(Phrase grounding data)
===

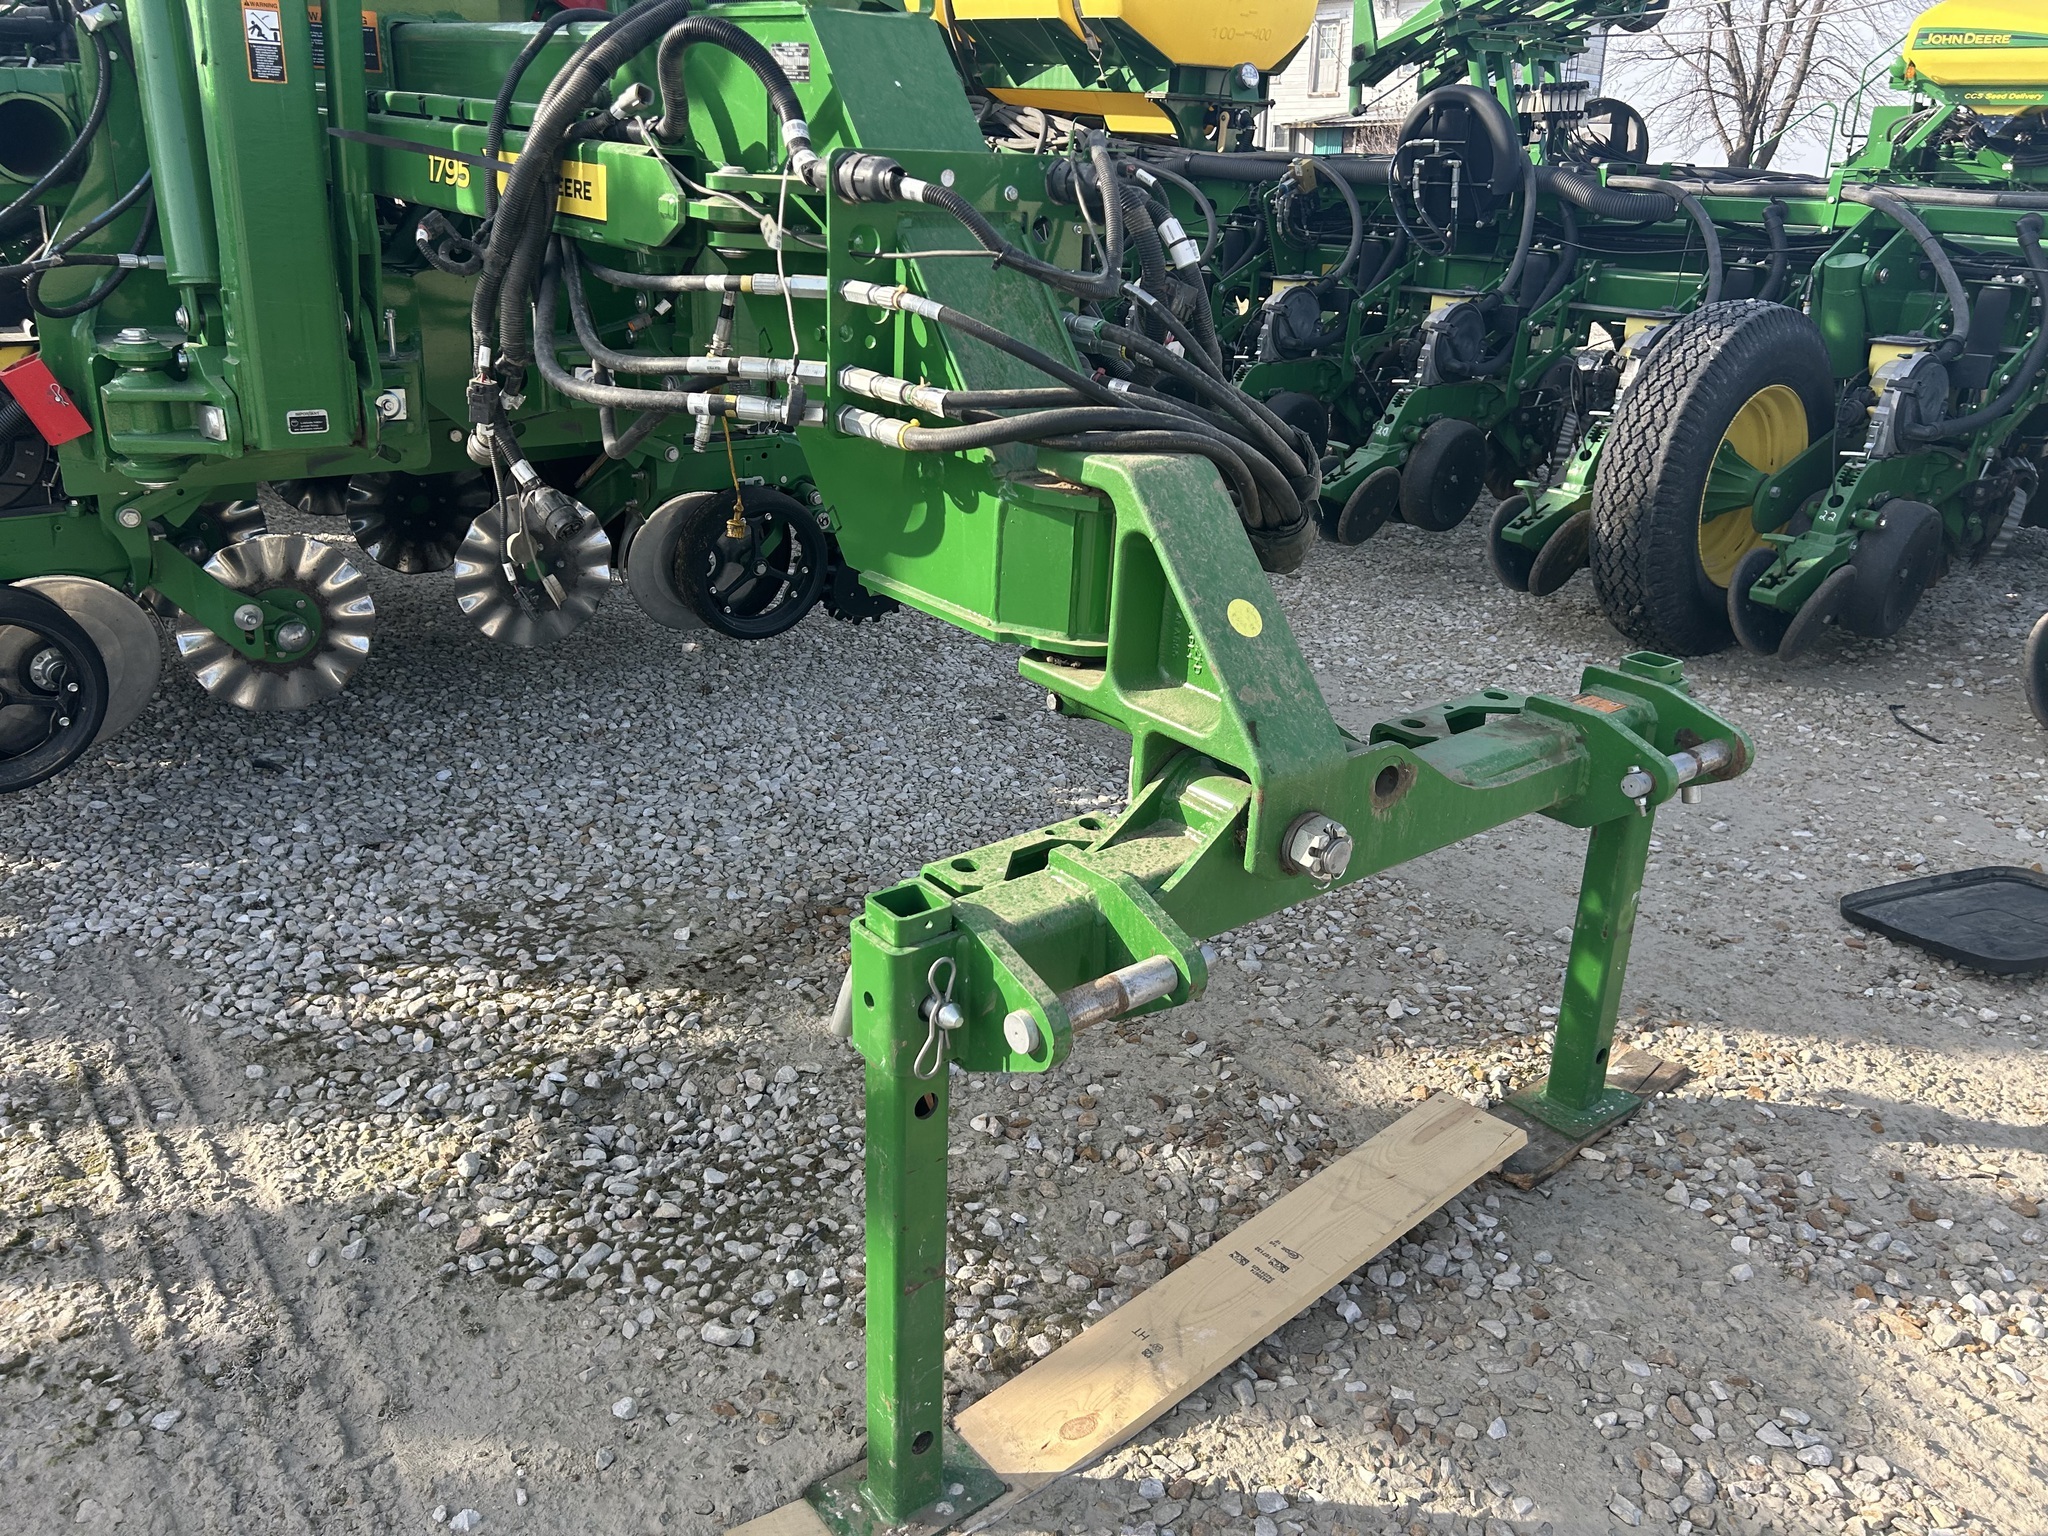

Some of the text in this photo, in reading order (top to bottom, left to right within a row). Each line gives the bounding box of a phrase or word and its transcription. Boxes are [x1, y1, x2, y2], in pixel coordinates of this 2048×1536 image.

[250, 1, 278, 9] WARNING
[1922, 32, 2012, 45] JOHN DEERE
[2008, 93, 2044, 101] Delivery
[428, 154, 471, 188] 1795
[558, 178, 592, 201] EERE
[1818, 509, 1837, 522] 22
[1131, 1327, 1150, 1341] HT
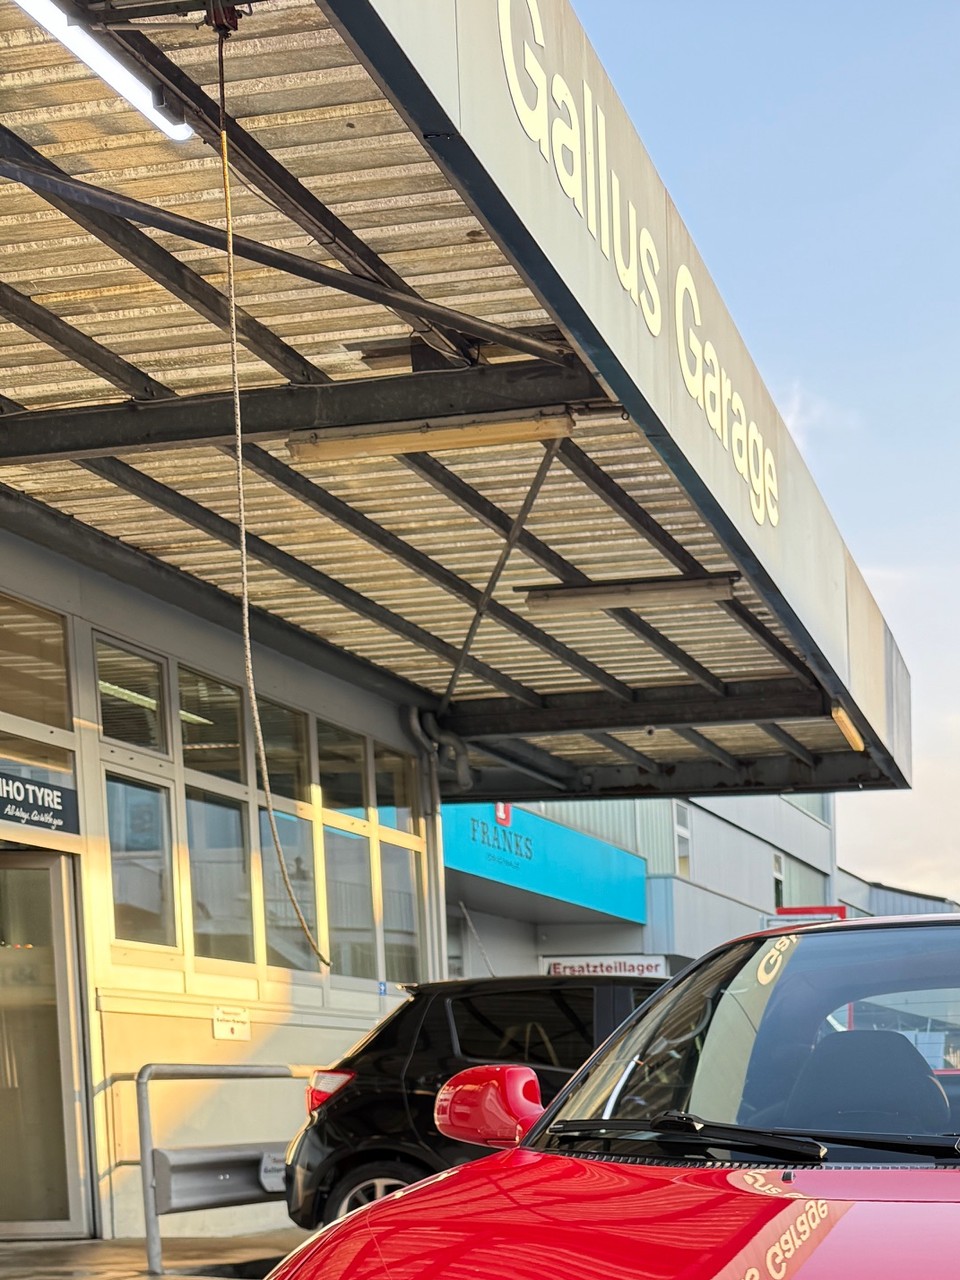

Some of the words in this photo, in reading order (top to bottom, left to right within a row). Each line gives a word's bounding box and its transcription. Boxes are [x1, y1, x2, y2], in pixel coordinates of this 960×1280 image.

[498, 0, 661, 338] Gallus
[675, 264, 779, 528] Garage
[25, 783, 63, 811] TYRE
[469, 816, 534, 861] FRANKS
[551, 961, 661, 976] Ersatzteillager

===

EXERCISE DIRECTIONS: Every line above should be printed again word for word, without its pictures.

ANSWER BOX:
Some of the text in this photo, in reading order (top to bottom, left to right within a row). Each line gives the bounding box of a phrase or word and its transcription. Boxes are [x1, y1, x2, y2], in pixel coordinates of this 2048×1536 image.

[250, 1, 278, 9] WARNING
[1922, 32, 2012, 45] JOHN DEERE
[2008, 93, 2044, 101] Delivery
[428, 154, 471, 188] 1795
[558, 178, 592, 201] EERE
[1818, 509, 1837, 522] 22
[1131, 1327, 1150, 1341] HT

Some of the words in this photo, in reading order (top to bottom, left to right within a row). Each line gives a word's bounding box and its transcription. Boxes are [x1, y1, x2, y2], in pixel coordinates of this 960×1280 image.

[498, 0, 661, 338] Gallus
[675, 264, 779, 528] Garage
[25, 783, 63, 811] TYRE
[469, 816, 534, 861] FRANKS
[551, 961, 661, 976] Ersatzteillager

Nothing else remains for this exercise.